Students are facing new learning challenges
On the other side of the fence—there are the students, and for many, this may be their first time experiencing online classes.
Katherine Wickey, of Sturgis, MI, is a first-year nursing student taking pharmacology, medical surgical and maternity nursing classes this semester. She was working on her clinicals at Elkhart General Hospital when the COVID-19 pandemic hit.
“On March 12, we were told that we would no longer be allowed to go into isolation rooms at EGH in effort to conserving personal protective equipment (PPE) such as gowns, gloves and masks, in anticipation of COVID-19 making its way to the Midwest. The next day we were told that we would not be allowed to return to the hospital—the same day the governor mandated the closure of all schools.”
Having taken online classes in the past, navigating the system hasn’t been a problem for Wickey. “My husband and I have three small children,” said Wickey, “so the biggest challenge has been creating a schedule that allows for my own studying and making sure that my kindergartner keeps up with his work from school. I am very blessed that my husband is able to be home to take care of the kids when I need to study.”
“No one could have imagined we would be facing a pandemic in the middle of our semester, so I certainly never imagined I would be doing more than half a critical semester of a nursing program online—a patient-oriented profession, one that requires a lot of personal communication,” said Wickey.
Wickey speaks well of the college’s faculty and staff. “The director of nursing and instructors have been in constant contact,” says Wickey. “They’ve made themselves readily available through phone, text or email. We are using the ZOOM platform to communicate with each other via video chat. I know they are working tirelessly to arrange our schedules, mandatory testing and our clinical experiences in this unprecedented time.”
“The current pandemic we are facing as a nation is a reminder of the very serious reality that awaits us as we finish our nursing education, and the weight our education holds,” said Wickey. “It dictates our ability to provide the best and safest possible care, so it is understandable that our instructors have a tremendous amount of pressure to get us where we need to be as nurses.”
“While I personally have not needed assistance from Glen Oaks,” said Wickey, “I know they’ve made laptops and hotspots available as well as tutors, via the Internet. This is an unprecedented time and I am confident that everyone is working hard to keep the students moving in the right direction.”

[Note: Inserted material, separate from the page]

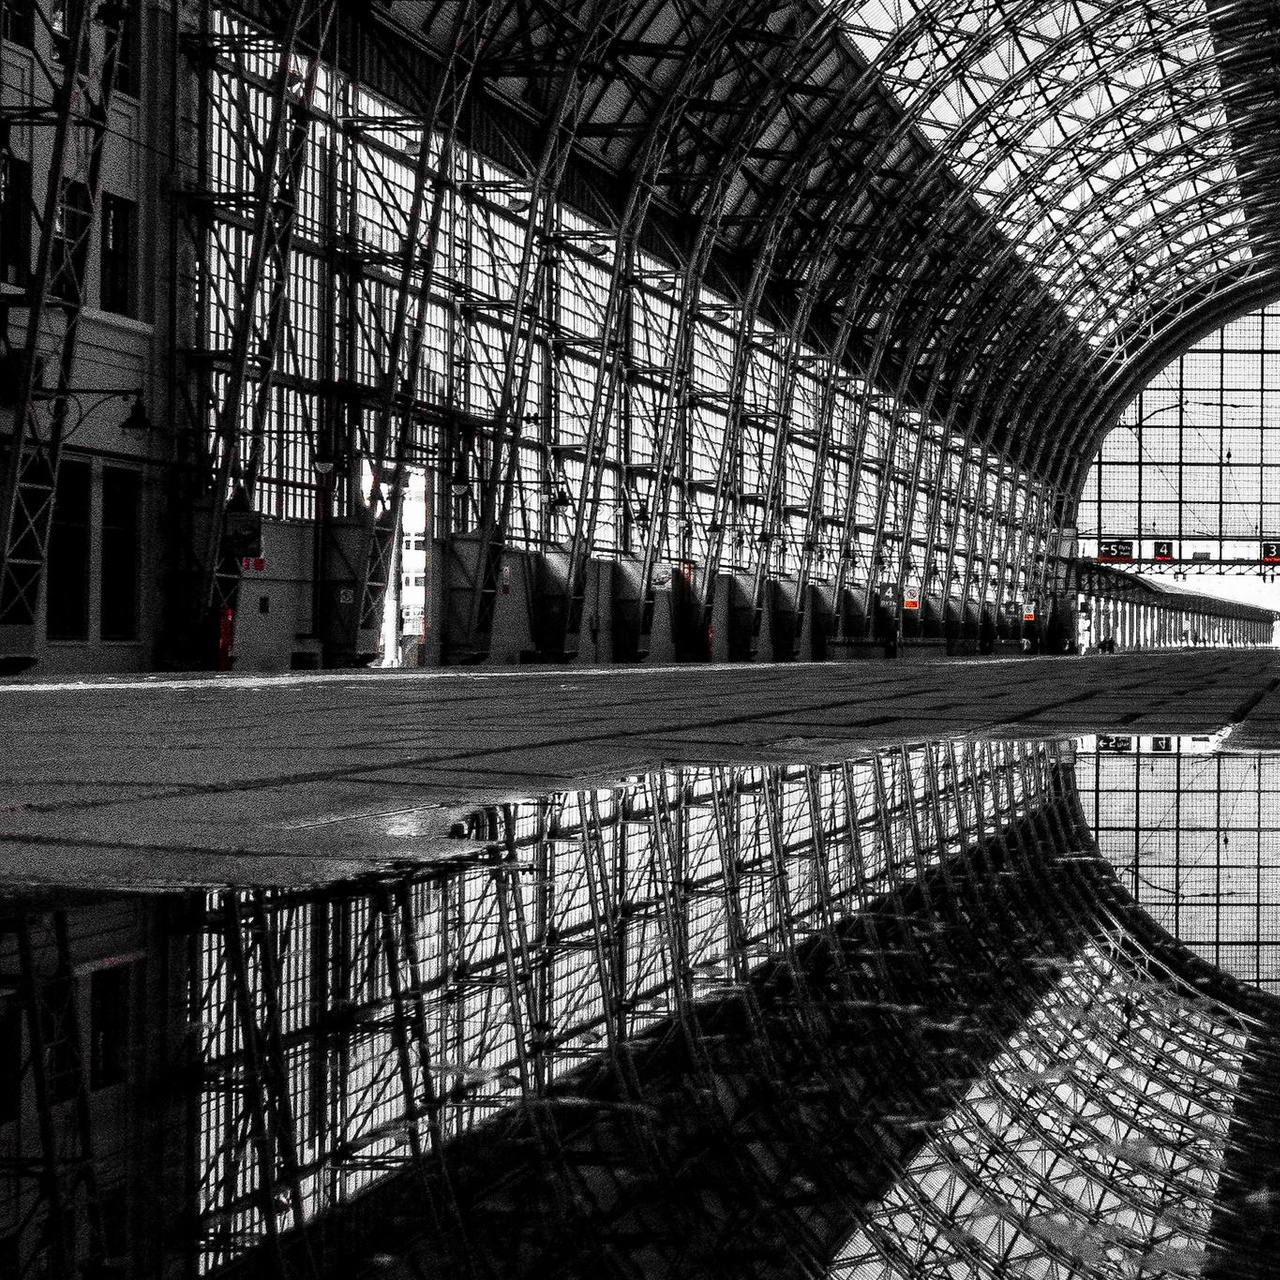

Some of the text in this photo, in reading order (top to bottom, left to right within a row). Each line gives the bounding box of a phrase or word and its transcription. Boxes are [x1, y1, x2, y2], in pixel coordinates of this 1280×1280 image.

[1110, 544, 1118, 556] 5
[1160, 544, 1168, 555] 4
[1269, 545, 1277, 556] 3
[885, 586, 893, 598] 4

For Brooke Sexton, of Leonidas, MI, pursuing a general studies degree, online schooling has been an easier transition than what she expected. I have taken a few online classes before, so I felt comfortable on the Canvas platform as well as the online atmosphere,” said Sexton. “Currently, I am working on keeping a more consistent schedule—going from being extremely busy before the COVID-19 hit, to now having a very open schedule. A few tips that I found helpful came from a message sent out by GOCC aptly entitled “Tips for Staying on Track with School While at Home.”

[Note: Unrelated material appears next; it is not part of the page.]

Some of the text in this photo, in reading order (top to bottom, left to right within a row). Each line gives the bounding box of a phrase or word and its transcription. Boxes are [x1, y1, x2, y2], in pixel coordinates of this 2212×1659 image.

“Although it is disappointing to not have that in-class experience where dialogue is much more personal, between updates and emails sent by professors, it is obvious the entire college has been working hard despite the present situation,” said Sexton. “For that I want to thank each member and encourage them to stick with it! As students, we recognize that the circumstances are less than ideal, and appreciate the lengths the staff has gone to ensure that its students are still getting quality education.”